• [Exercise description] Nothing but the text of the listing, repeated exactly, belongs in the answer; leave the images out.

• [Extracted information]

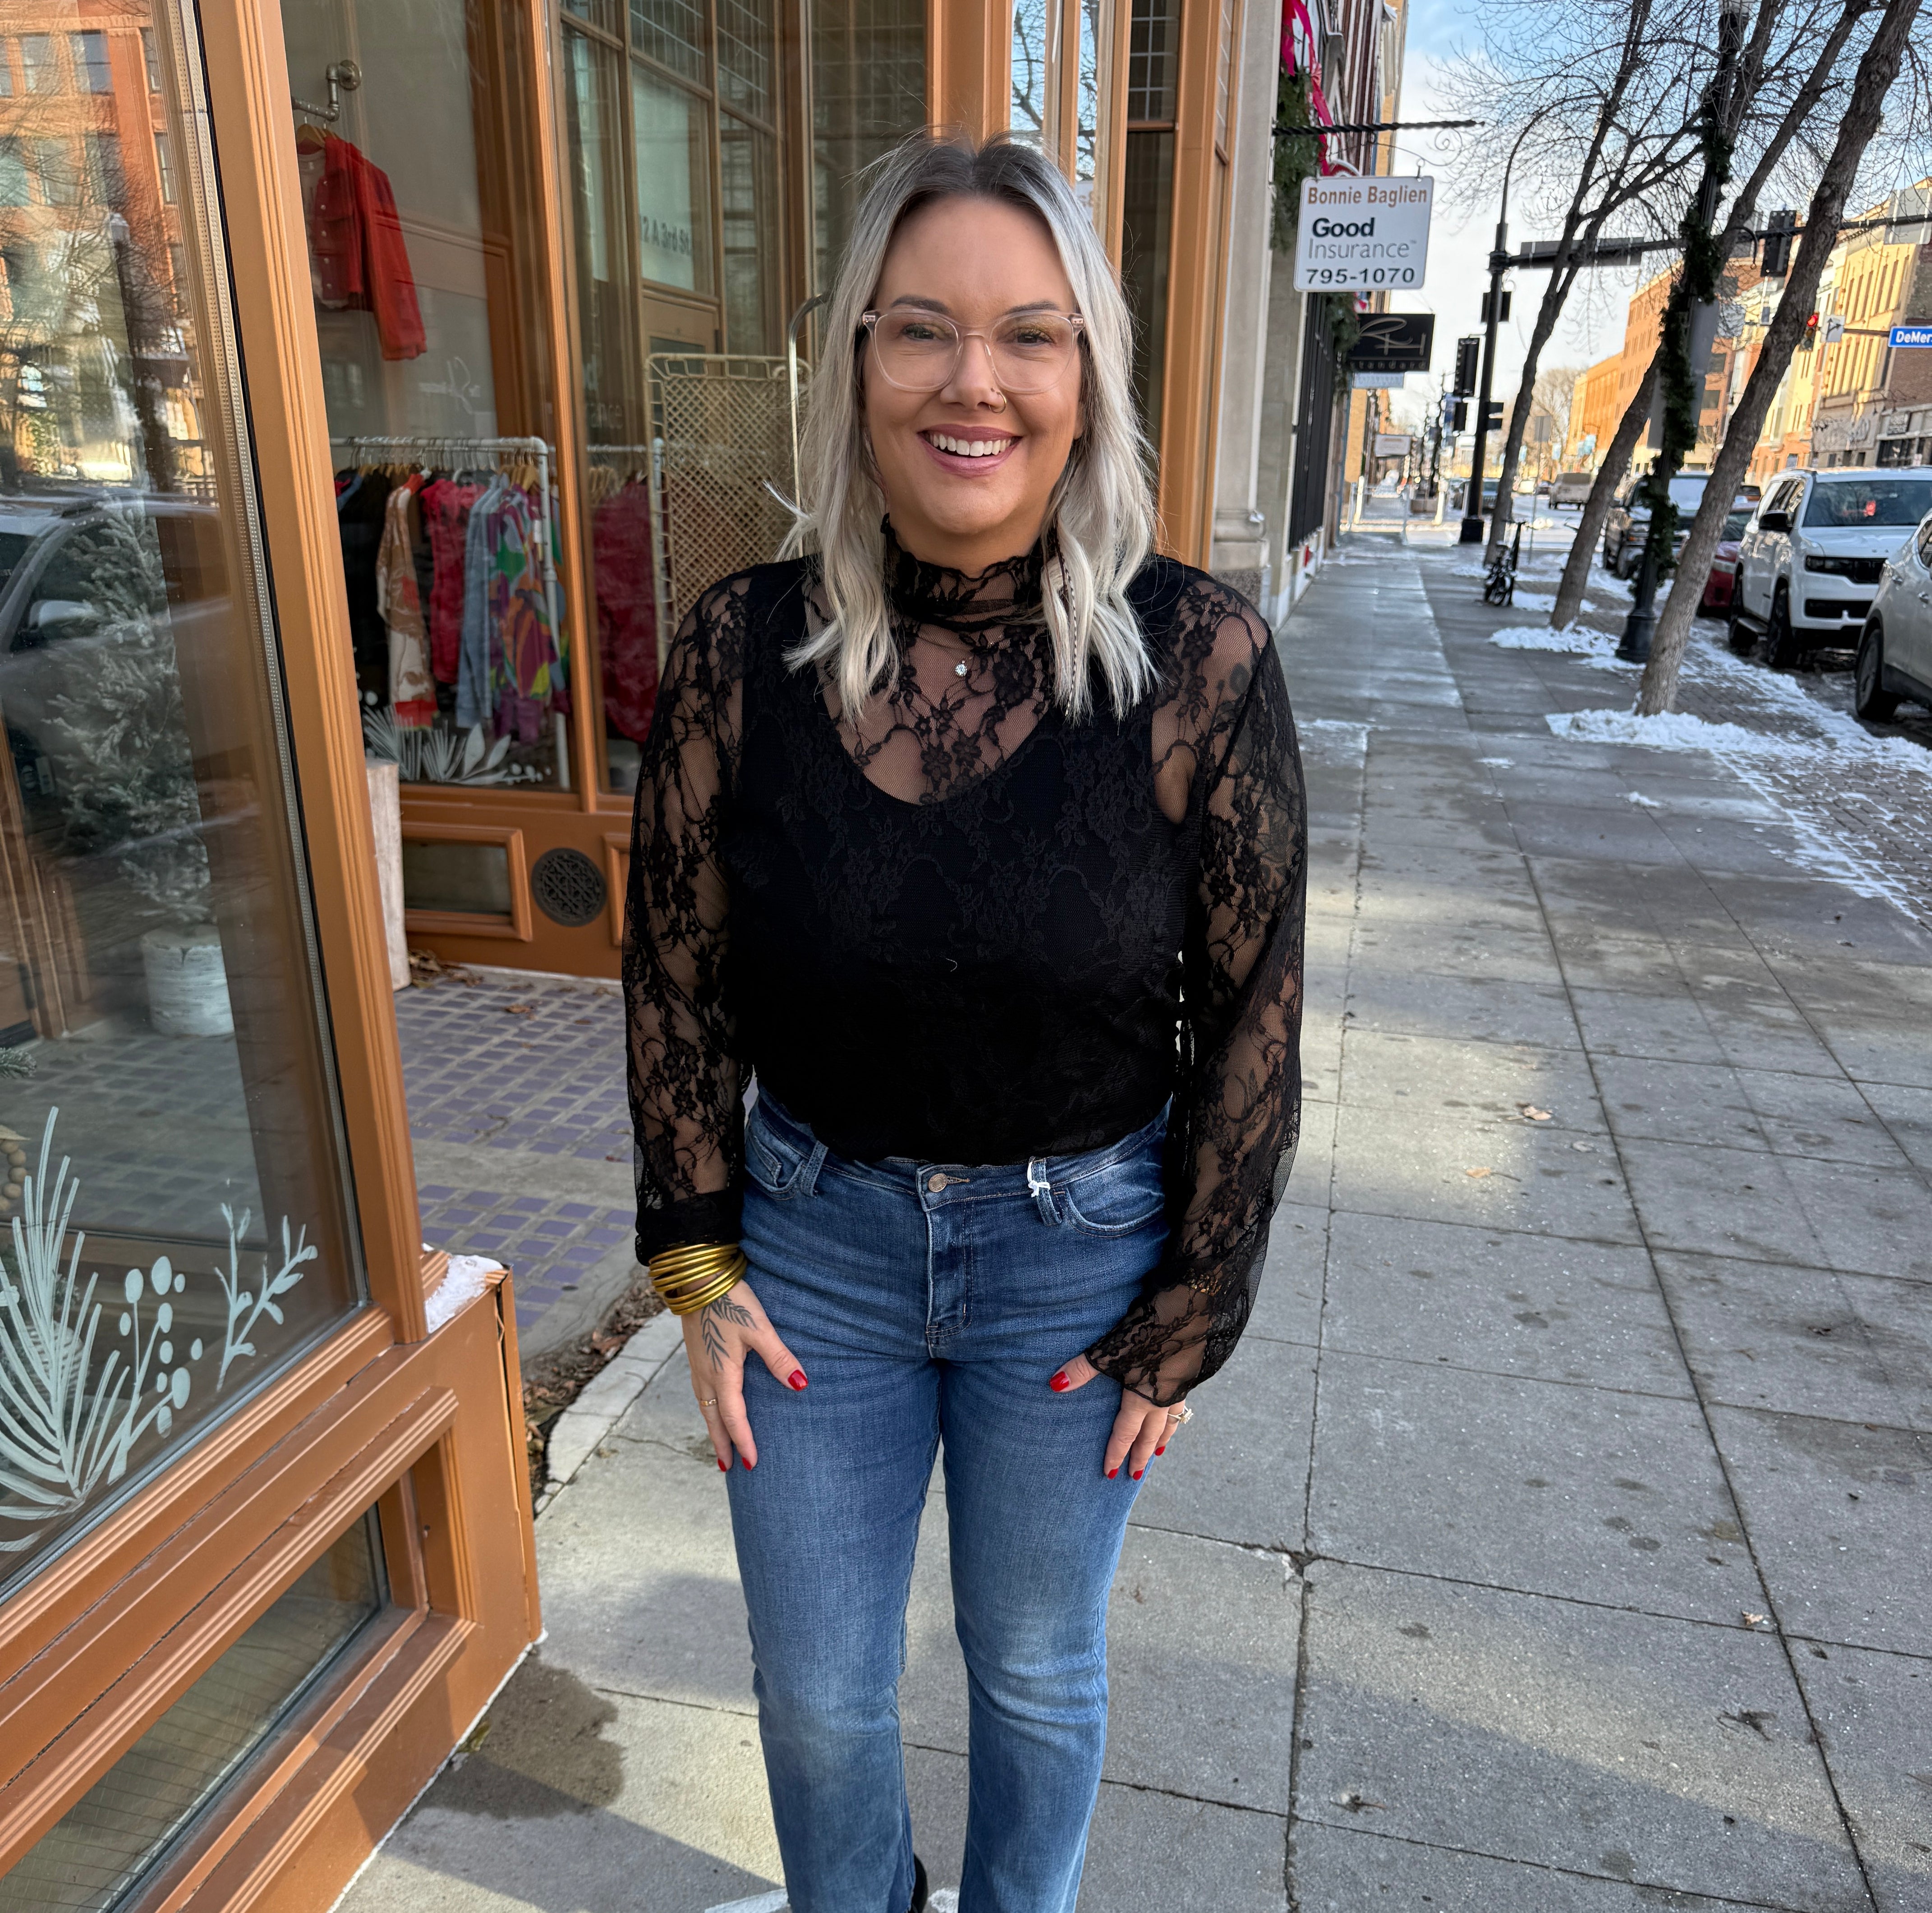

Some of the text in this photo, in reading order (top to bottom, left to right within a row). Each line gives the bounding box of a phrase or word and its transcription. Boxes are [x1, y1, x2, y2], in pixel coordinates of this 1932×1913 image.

[1308, 185, 1427, 208] Bonnie Baglien
[1312, 217, 1375, 238] Good
[1308, 238, 1410, 259] Insurance
[1306, 267, 1415, 284] 795-1070
[1895, 331, 1932, 343] DeMer
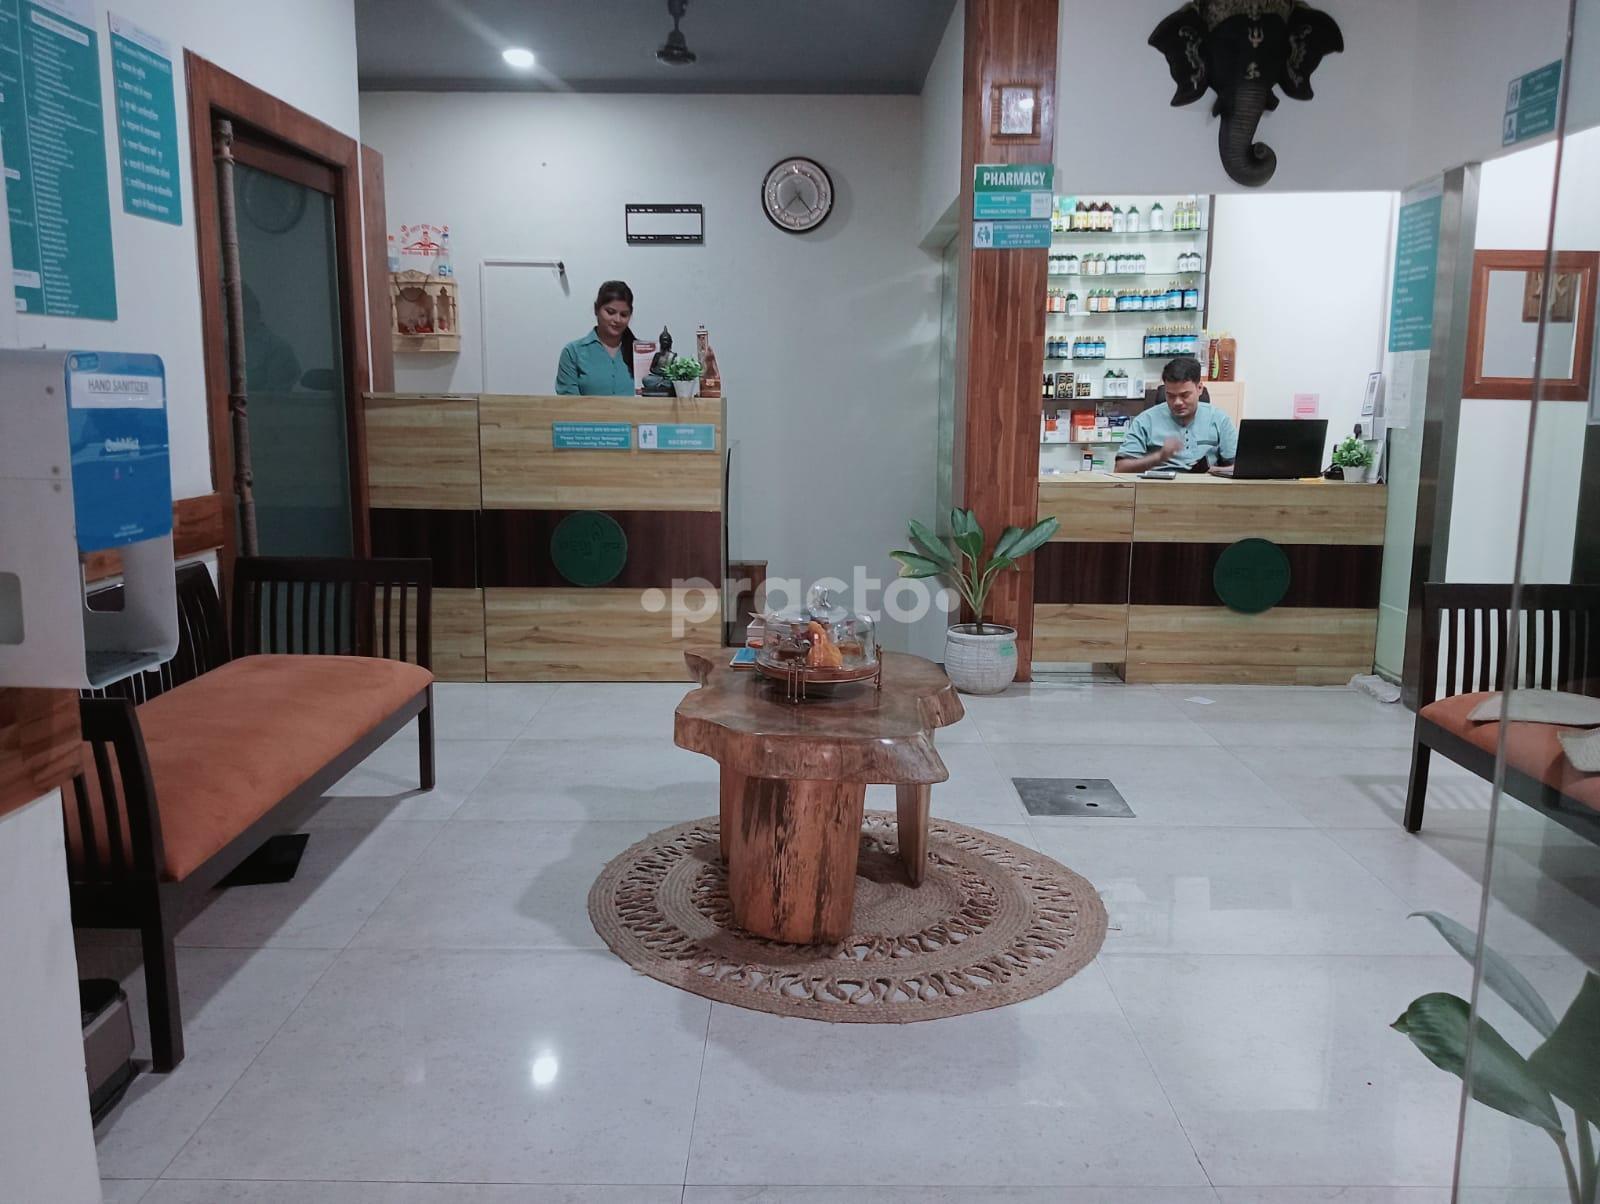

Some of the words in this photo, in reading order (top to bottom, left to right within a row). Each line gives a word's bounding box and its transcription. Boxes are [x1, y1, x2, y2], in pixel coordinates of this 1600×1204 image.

[983, 171, 1046, 186] PHARMACY
[88, 379, 111, 391] HAND
[112, 380, 149, 392] SANITIZER

• [Expected output]
Some of the text in this photo, in reading order (top to bottom, left to right within a row). Each line gives the bounding box of a phrase or word and its transcription. Boxes are [x1, y1, x2, y2], in pixel coordinates of this 1932×1913 image.

[1308, 185, 1427, 208] Bonnie Baglien
[1312, 217, 1375, 238] Good
[1308, 238, 1410, 259] Insurance
[1306, 267, 1415, 284] 795-1070
[1895, 331, 1932, 343] DeMer

Some of the words in this photo, in reading order (top to bottom, left to right within a row). Each line gives a word's bounding box and its transcription. Boxes are [x1, y1, x2, y2], in pixel coordinates of this 1600×1204 image.

[983, 171, 1046, 186] PHARMACY
[88, 379, 111, 391] HAND
[112, 380, 149, 392] SANITIZER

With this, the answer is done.